What you will do
From the line that contains "this 1344×1512 image." to the last line of the records below, retype each line exactly; leave out everything else.

Provided data
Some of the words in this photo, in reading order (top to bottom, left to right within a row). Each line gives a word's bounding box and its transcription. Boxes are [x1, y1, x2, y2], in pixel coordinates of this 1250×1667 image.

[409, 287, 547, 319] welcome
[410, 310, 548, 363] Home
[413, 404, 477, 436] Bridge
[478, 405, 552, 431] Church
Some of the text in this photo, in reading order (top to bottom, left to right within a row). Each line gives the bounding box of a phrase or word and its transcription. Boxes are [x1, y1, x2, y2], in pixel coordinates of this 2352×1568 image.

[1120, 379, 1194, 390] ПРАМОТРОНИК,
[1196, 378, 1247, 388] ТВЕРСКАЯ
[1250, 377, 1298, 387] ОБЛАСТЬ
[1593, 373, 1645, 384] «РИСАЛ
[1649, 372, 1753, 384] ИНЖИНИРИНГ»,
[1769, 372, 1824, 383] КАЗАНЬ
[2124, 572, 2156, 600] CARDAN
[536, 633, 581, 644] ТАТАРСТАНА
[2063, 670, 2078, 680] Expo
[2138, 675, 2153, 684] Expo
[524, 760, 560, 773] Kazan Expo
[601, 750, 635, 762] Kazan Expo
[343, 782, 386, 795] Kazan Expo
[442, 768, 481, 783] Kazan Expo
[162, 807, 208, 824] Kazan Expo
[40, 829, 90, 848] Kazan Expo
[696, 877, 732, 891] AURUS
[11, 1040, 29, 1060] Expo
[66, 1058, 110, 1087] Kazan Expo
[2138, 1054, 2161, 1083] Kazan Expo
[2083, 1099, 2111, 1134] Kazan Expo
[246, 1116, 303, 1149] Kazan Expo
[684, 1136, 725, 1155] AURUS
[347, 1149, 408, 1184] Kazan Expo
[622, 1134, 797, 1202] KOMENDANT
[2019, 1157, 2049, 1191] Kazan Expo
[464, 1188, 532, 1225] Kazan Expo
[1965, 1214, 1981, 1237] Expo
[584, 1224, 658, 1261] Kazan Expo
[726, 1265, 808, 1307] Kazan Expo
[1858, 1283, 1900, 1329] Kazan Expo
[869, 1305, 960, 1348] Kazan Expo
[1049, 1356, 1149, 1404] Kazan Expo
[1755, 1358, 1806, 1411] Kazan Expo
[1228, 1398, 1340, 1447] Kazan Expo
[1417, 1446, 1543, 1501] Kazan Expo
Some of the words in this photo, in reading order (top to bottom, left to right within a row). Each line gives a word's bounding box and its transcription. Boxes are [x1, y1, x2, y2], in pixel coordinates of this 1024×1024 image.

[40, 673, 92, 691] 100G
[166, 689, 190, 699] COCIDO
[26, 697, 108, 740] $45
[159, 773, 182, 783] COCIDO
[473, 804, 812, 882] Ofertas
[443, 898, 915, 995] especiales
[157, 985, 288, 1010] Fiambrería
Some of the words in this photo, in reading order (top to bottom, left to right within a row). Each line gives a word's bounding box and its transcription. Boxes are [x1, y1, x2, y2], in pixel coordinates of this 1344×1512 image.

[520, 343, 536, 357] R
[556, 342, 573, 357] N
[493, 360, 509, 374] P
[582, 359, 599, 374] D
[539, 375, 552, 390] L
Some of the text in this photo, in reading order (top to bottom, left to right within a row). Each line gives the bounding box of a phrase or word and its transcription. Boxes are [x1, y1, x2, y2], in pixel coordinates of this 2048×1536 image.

Solved exercise
Some of the words in this photo, in reading order (top to bottom, left to right within a row). Each line gives a word's bounding box and its transcription. Boxes are [x1, y1, x2, y2], in pixel coordinates of this 1344×1512 image.

[520, 343, 536, 357] R
[556, 342, 573, 357] N
[493, 360, 509, 374] P
[582, 359, 599, 374] D
[539, 375, 552, 390] L
Some of the text in this photo, in reading order (top to bottom, left to right within a row). Each line gives the bounding box of a phrase or word and its transcription. Boxes are [x1, y1, x2, y2], in pixel coordinates of this 2048×1536 image.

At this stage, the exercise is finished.